Three points of note came out of the trial. First, they found that in trials where the participants inhaled while attempting the task they did better than when they exhaled. Second, whether one inhales through the nose or the mouth, it did not matter much, though ‘the picture-perfect’ pattern would prefer nasal over oral breathing in. Third, the EEG results also showed altered patterns of connectivity between different parts of the brain which differed along the respiratory cycle.

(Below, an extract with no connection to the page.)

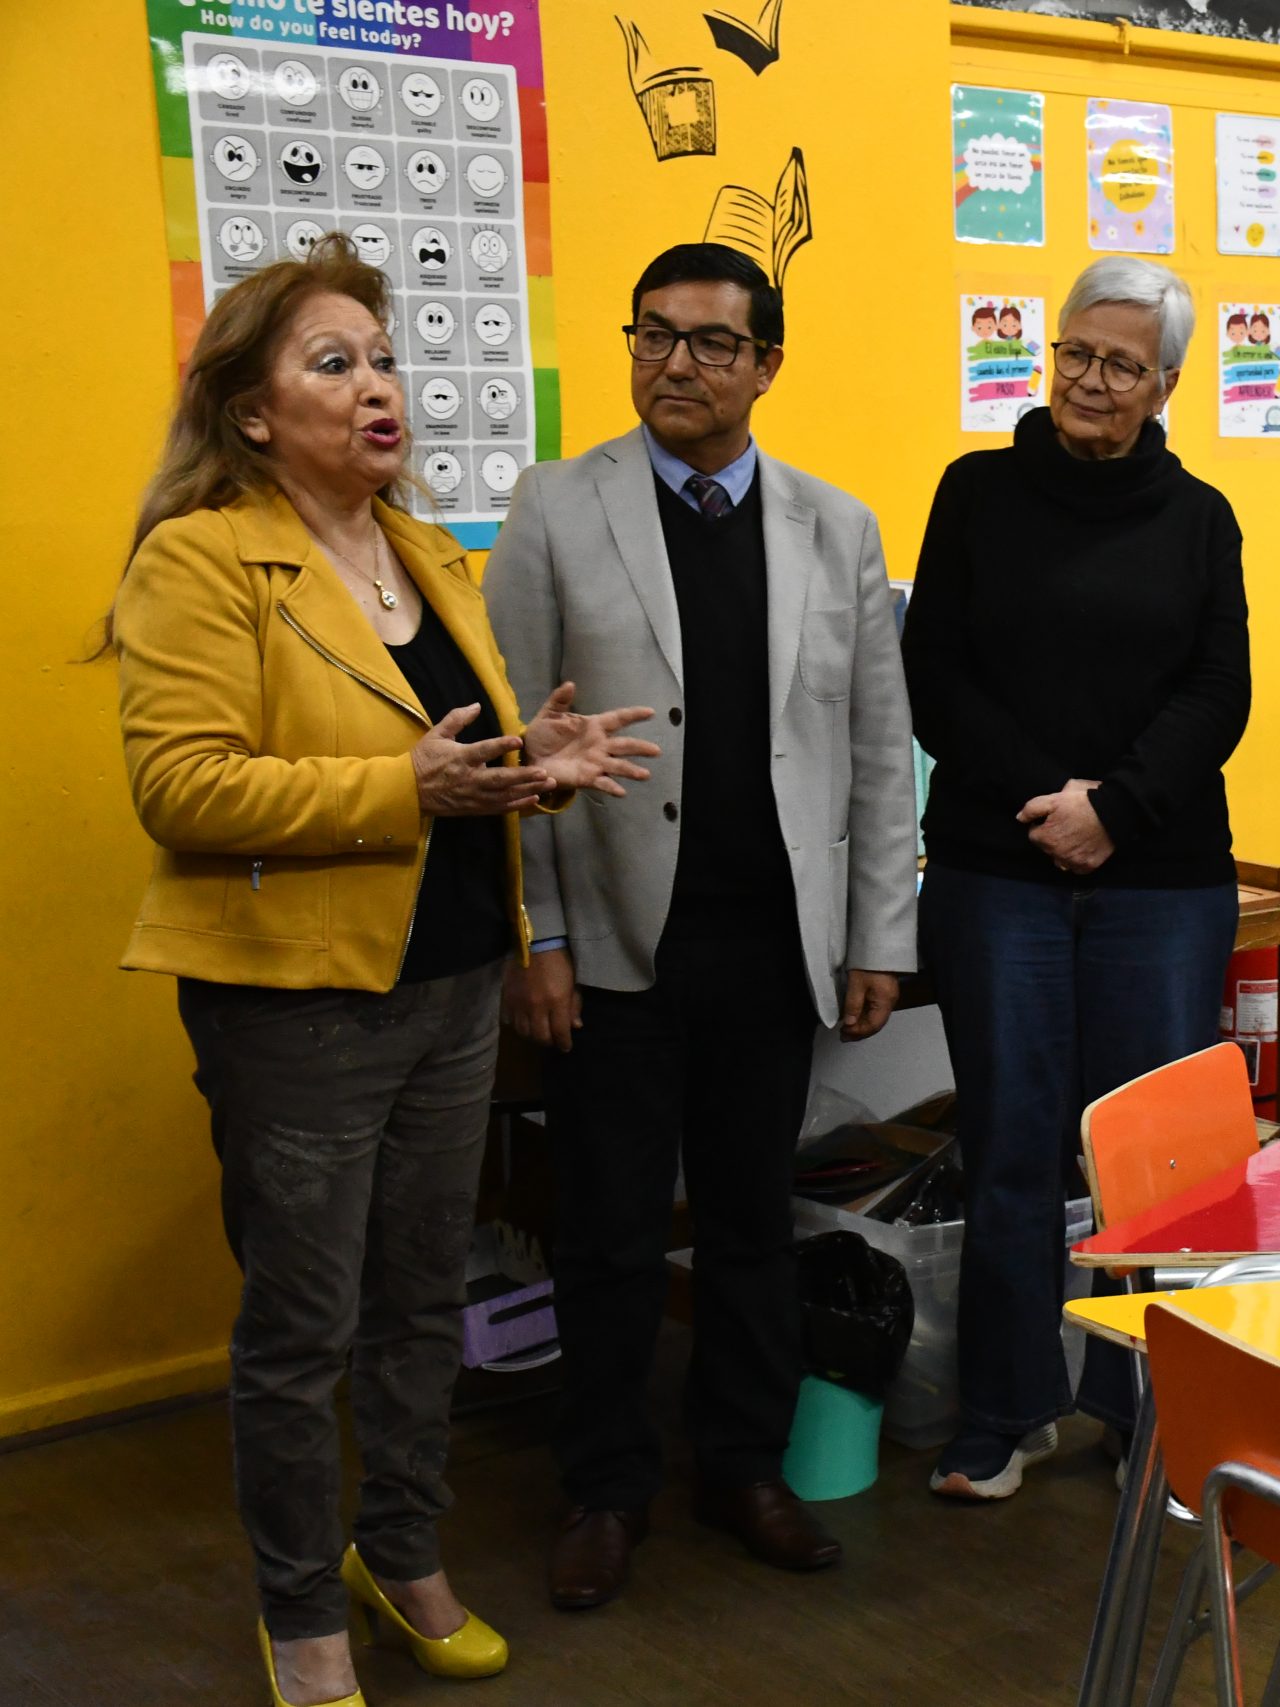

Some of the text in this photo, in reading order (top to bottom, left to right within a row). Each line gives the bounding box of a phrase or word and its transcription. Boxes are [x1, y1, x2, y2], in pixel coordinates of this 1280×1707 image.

Note that as we inhale, we take up oxygen from the air. So, is it the oxygen that they inhaled which helped? When asked, Professor Sobel said: “No; the time frame does not fit. The response time was far sooner than the time it takes for oxygen from the lungs to reach the brain… It is not only the olfactory system that is sensitive to inhalation and exhalation, it is the entire brain. We think that we could generalise and say that the brain works better with inhalation…We think of this as the “sniffing brain”.

Most ancient sense

The paper also points out that the sniff alone — no odourants — orchestrates neural activity; thus it is not necessarily good or pleasant smell versus bad smell. The group hypothesises that nasal inhalation, apart from processing incoming information, also optimises non-olfactory (not just related to smell) mechanisms for incoming interactions. That ‘sniffing’ or breathing-in drives brain activity has an evolutionary history. Unicellular organisms and plants take in volatile or gaseous substances in the air into their cells (this may be thought of as the precursor to inhalation). We know how sniffing is carried out in synchrony with whisking and vocalisation in mice and with echolocation in bats. Dr. Ofer Perl points out that olfaction is seen to be an ancient sense, which may have acted as a template for other, later senses and overall brain development in humans. The authors note that the word ‘inspiration’ in the Oxford Dictionary not only means drawing-in of breath but also the process of being mentally stimulated.

Yoga and meditation

While these authors do not directly address this question, we note that several scientists have suggested that yogic exercises (controlled breathing) lead to calmness and tranquility. In a set of experiments at Stanford University, USA, showed how a group of 175 neurons in the brain act as the breathing pacemaker in mice (used as models), and how controlled breathing promotes mental calmness in the animals (Yackle et al., Science, 355, 1411-1415, 2017, <doi:10.1126/science.aai7984>). Turning to humans, the paper by Dr. Bailey and colleagues from Monash University in Australia ( compared 34 people who practised meditation with 28 age/gender-matched ‘controls’. The ‘meditators’ had an increased range of brain activities to meet tasks requirements, higher-order processes and sensory anticipation. Likewise, a group from Beijing, China (Ma et al., Frontiers in Psychology 2017 <doi:10.3389/fpsyg.2017.0084>) conducted a trial using 20 people, who were trained to breathe at the rate of 4 breaths/min (a la yoga), while 20 others were controls. The comparison revealed that the trained group had significantly lower levels of cortisol and improved sustained attention. Finally, a systematic critical review by Zaccaro and others ( concludes that slow breathing techniques enhance parasympathetic activity, emotional control and psychological well being.